***** The data *****

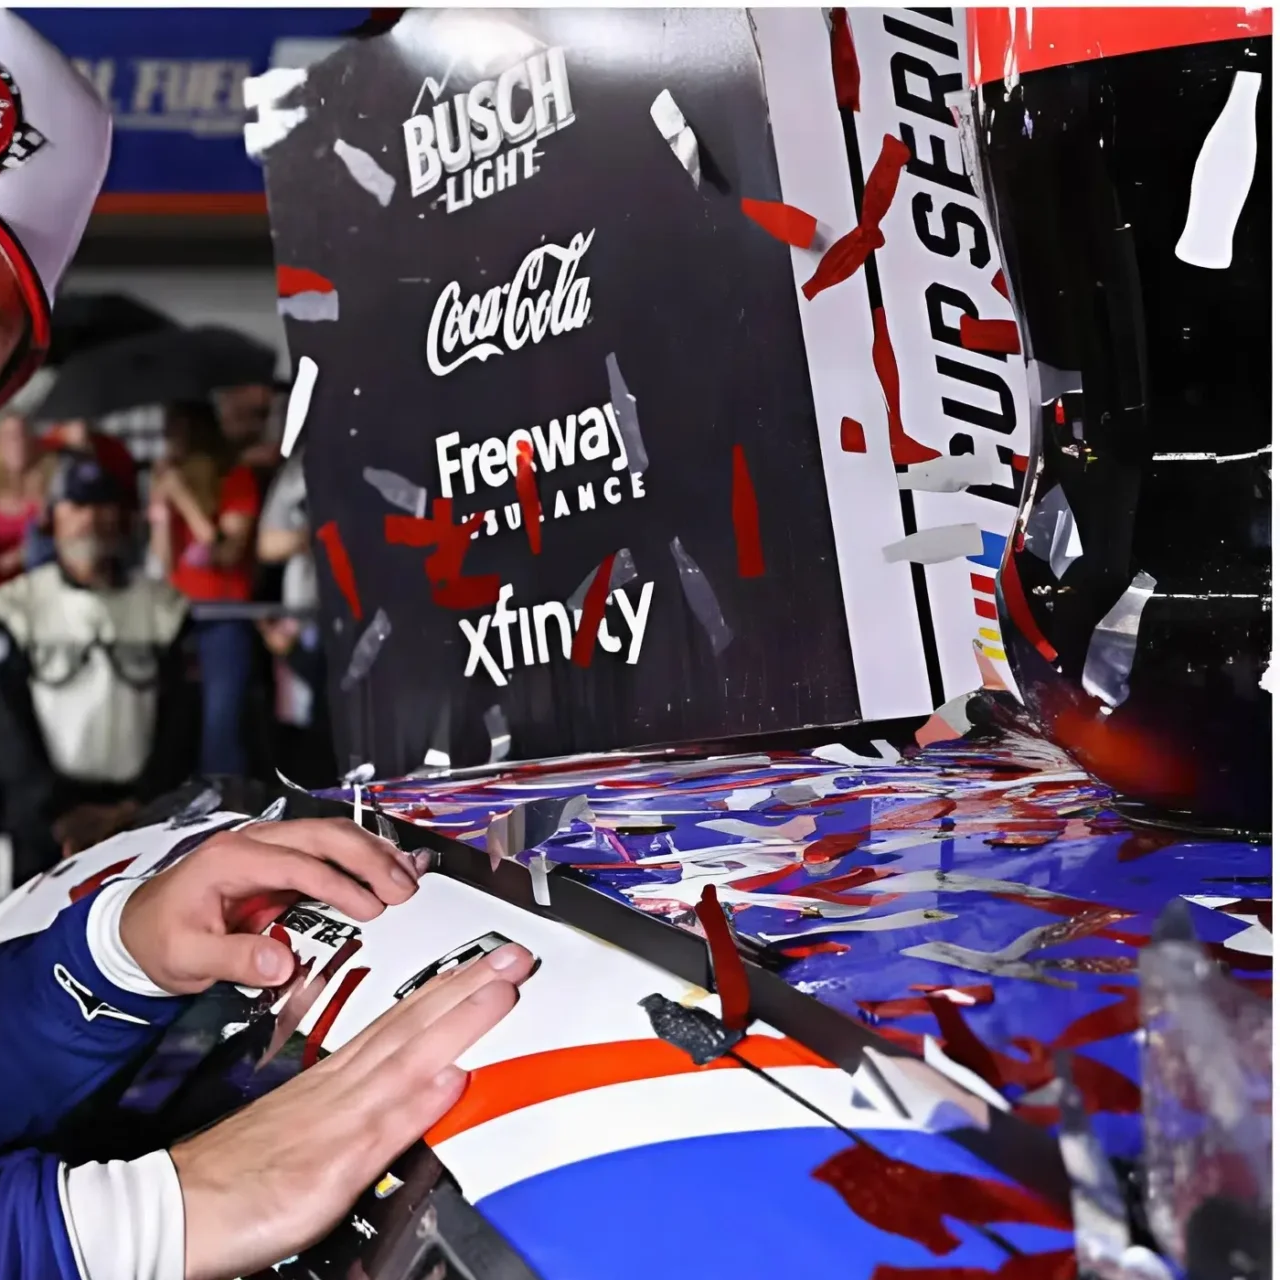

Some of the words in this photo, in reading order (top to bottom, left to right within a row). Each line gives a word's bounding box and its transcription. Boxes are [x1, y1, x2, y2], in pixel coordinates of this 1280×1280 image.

[402, 46, 576, 197] BUSCH
[445, 140, 545, 213] LIGHT
[882, 7, 993, 270] SERI
[426, 228, 596, 376] Coca-Cola
[458, 581, 655, 687] xfinty
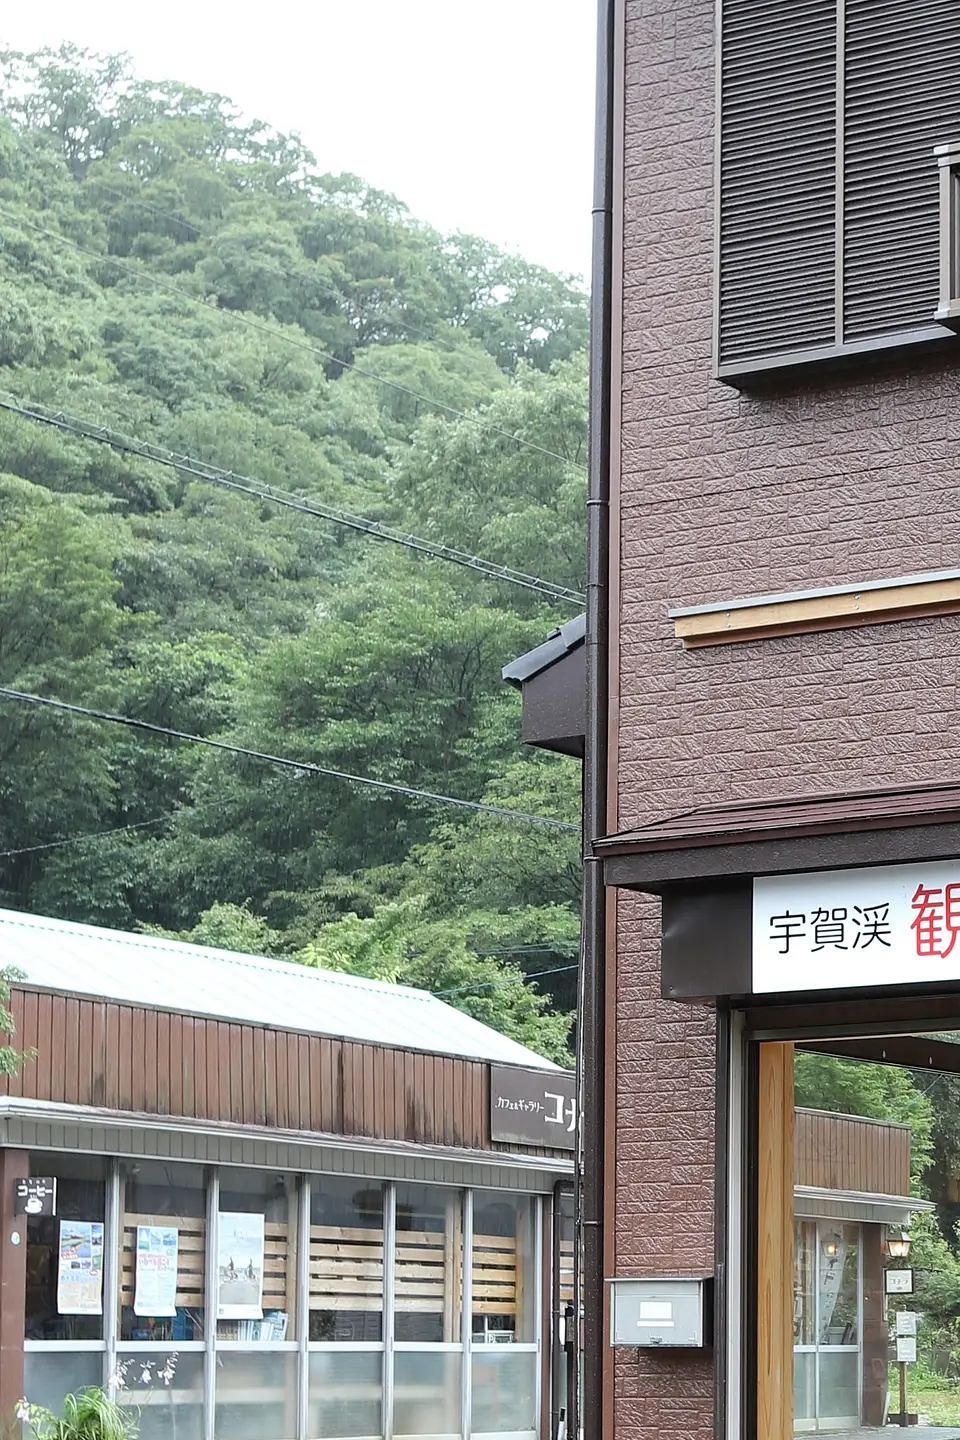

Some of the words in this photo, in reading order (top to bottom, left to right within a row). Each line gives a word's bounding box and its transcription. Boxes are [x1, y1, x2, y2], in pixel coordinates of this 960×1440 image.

*****

Task requirements –
Repeat the records above exactly, without pictures.

Solution –
Some of the words in this photo, in reading order (top to bottom, left to right within a row). Each line gives a word's bounding box and its transcription. Boxes are [x1, y1, x2, y2], in pixel coordinates of this 1280×1280 image.

[402, 46, 576, 197] BUSCH
[445, 140, 545, 213] LIGHT
[882, 7, 993, 270] SERI
[426, 228, 596, 376] Coca-Cola
[458, 581, 655, 687] xfinty

Some of the words in this photo, in reading order (top to bottom, left to right within a row). Each line gives a word's bounding box and its transcription. Boxes are [x1, y1, x2, y2], in pixel coordinates of this 960×1440 image.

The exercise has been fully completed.